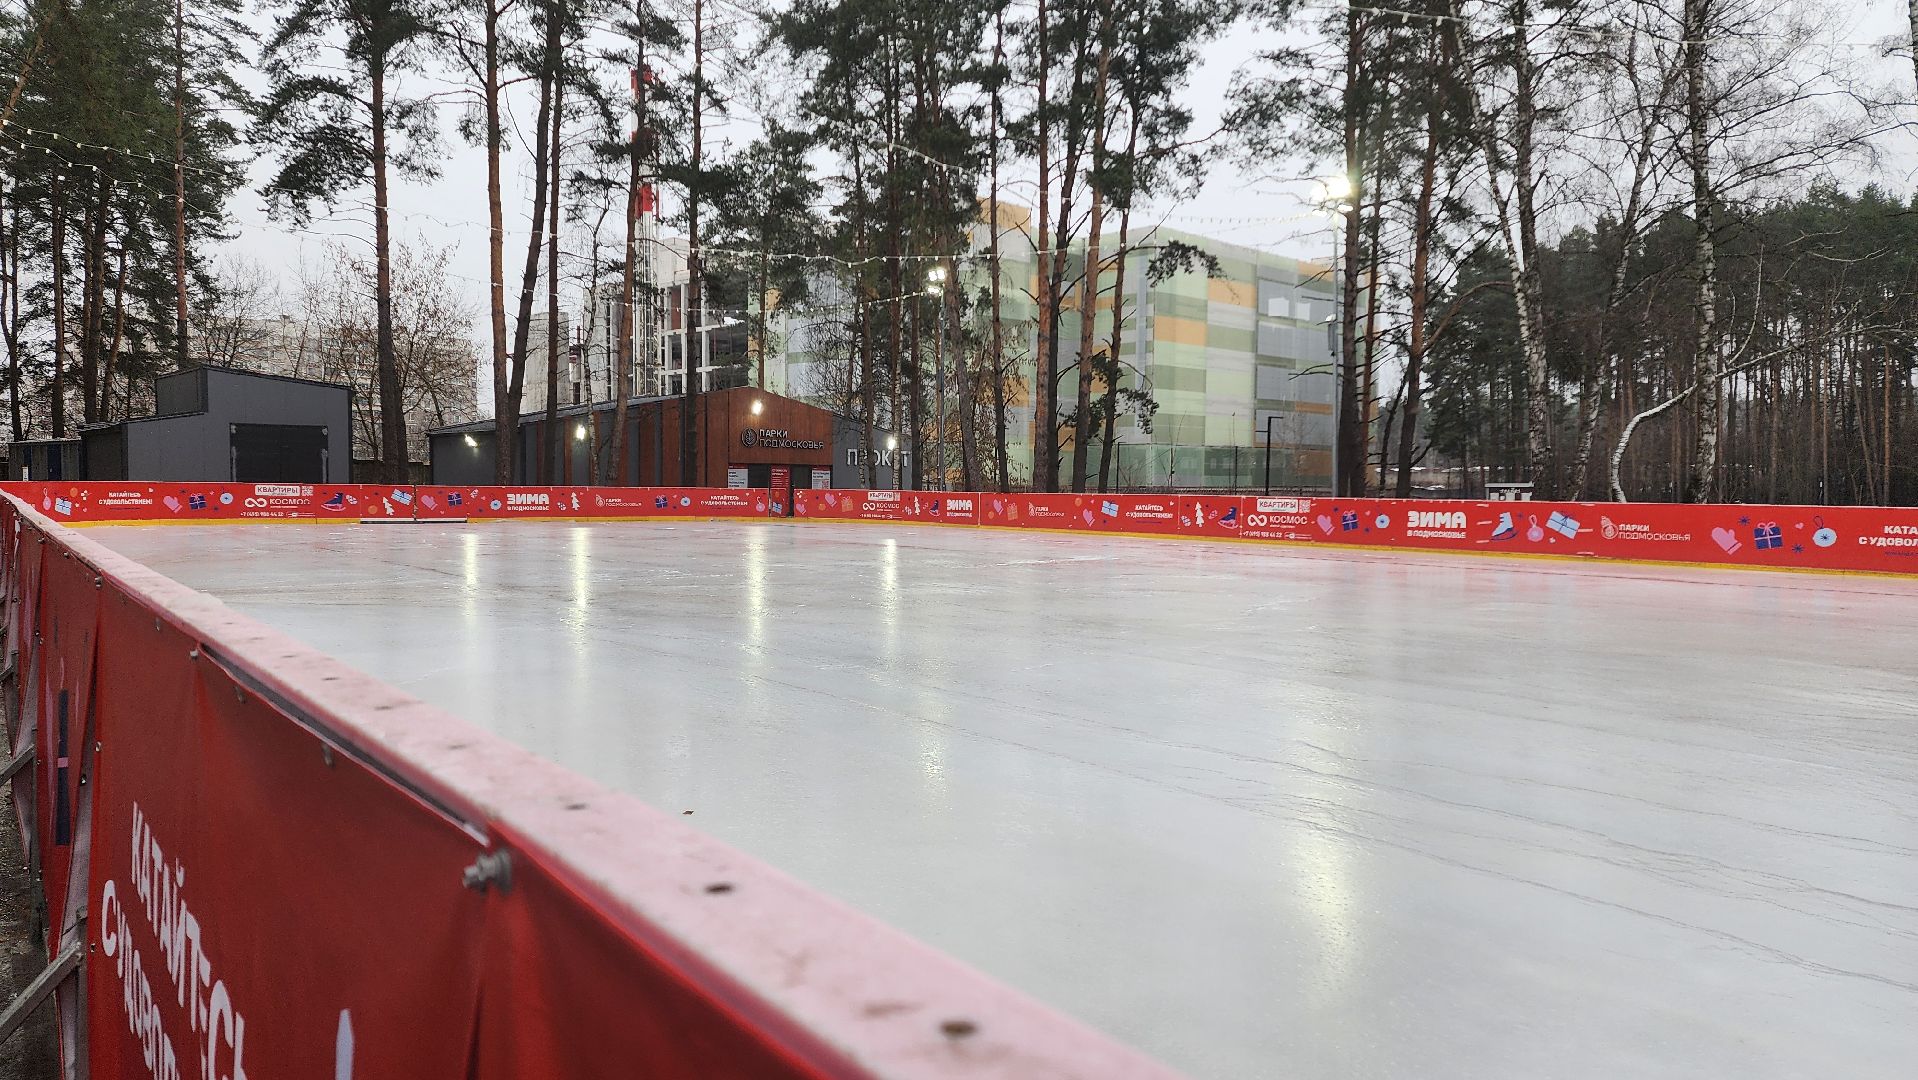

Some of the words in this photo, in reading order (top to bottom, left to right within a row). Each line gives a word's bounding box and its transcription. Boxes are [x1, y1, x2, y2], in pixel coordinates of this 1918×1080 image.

[759, 428, 788, 438] ПАРКИ
[759, 438, 824, 449] ПОДМОСКОВЬЯ
[257, 486, 298, 494] КВАРТИРЫ
[506, 494, 550, 505] ЗИМА
[946, 499, 973, 511] ЗИМА
[1259, 501, 1296, 509] КВАРТИРЫ
[1269, 515, 1308, 525] КОСМОС
[1407, 510, 1467, 529] ЗИМА
[1619, 523, 1650, 532] ПАРКИ
[1618, 532, 1691, 542] ПОДМОСКОВЬЯ
[1858, 536, 1868, 545] С
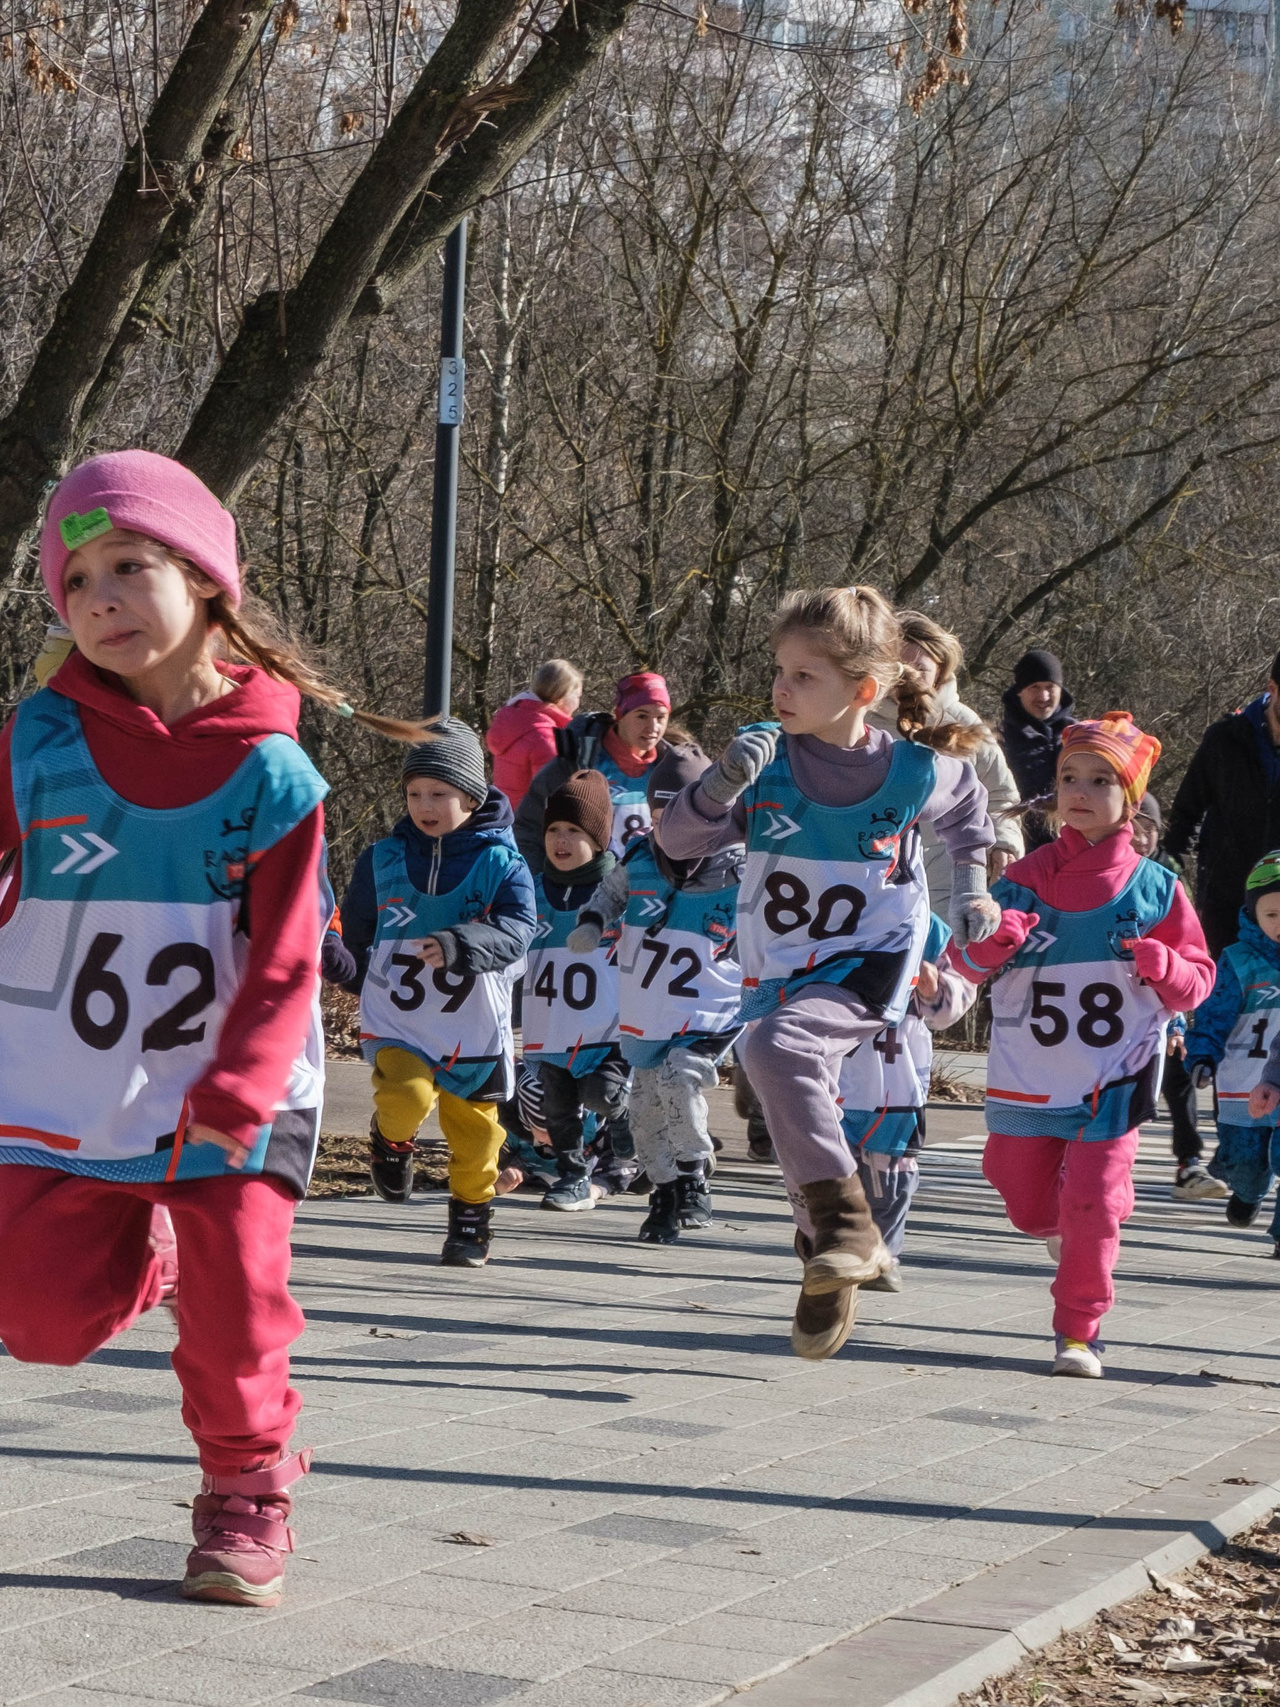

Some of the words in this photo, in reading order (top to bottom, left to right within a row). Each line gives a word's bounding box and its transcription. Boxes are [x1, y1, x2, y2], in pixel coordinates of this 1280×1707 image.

» YOUR INSTRUCTIONS
Once the pictures are set aside, repeat the remaining data word for word.

» EXERCISE RESPONSE
Some of the words in this photo, in reading order (top to bottom, left to right within a row). Each line gives a word's bounding box and its transcription. Boxes are [x1, y1, x2, y2], in pixel coordinates of this 1918×1080 image.

[759, 428, 788, 438] ПАРКИ
[759, 438, 824, 449] ПОДМОСКОВЬЯ
[257, 486, 298, 494] КВАРТИРЫ
[506, 494, 550, 505] ЗИМА
[946, 499, 973, 511] ЗИМА
[1259, 501, 1296, 509] КВАРТИРЫ
[1269, 515, 1308, 525] КОСМОС
[1407, 510, 1467, 529] ЗИМА
[1619, 523, 1650, 532] ПАРКИ
[1618, 532, 1691, 542] ПОДМОСКОВЬЯ
[1858, 536, 1868, 545] С

Some of the words in this photo, in reading order (top to bottom, left to right within a row). Each line gives a word's bounding box and its transcription. Boxes are [x1, y1, x2, y2], in pixel coordinates of this 1280×1707 image.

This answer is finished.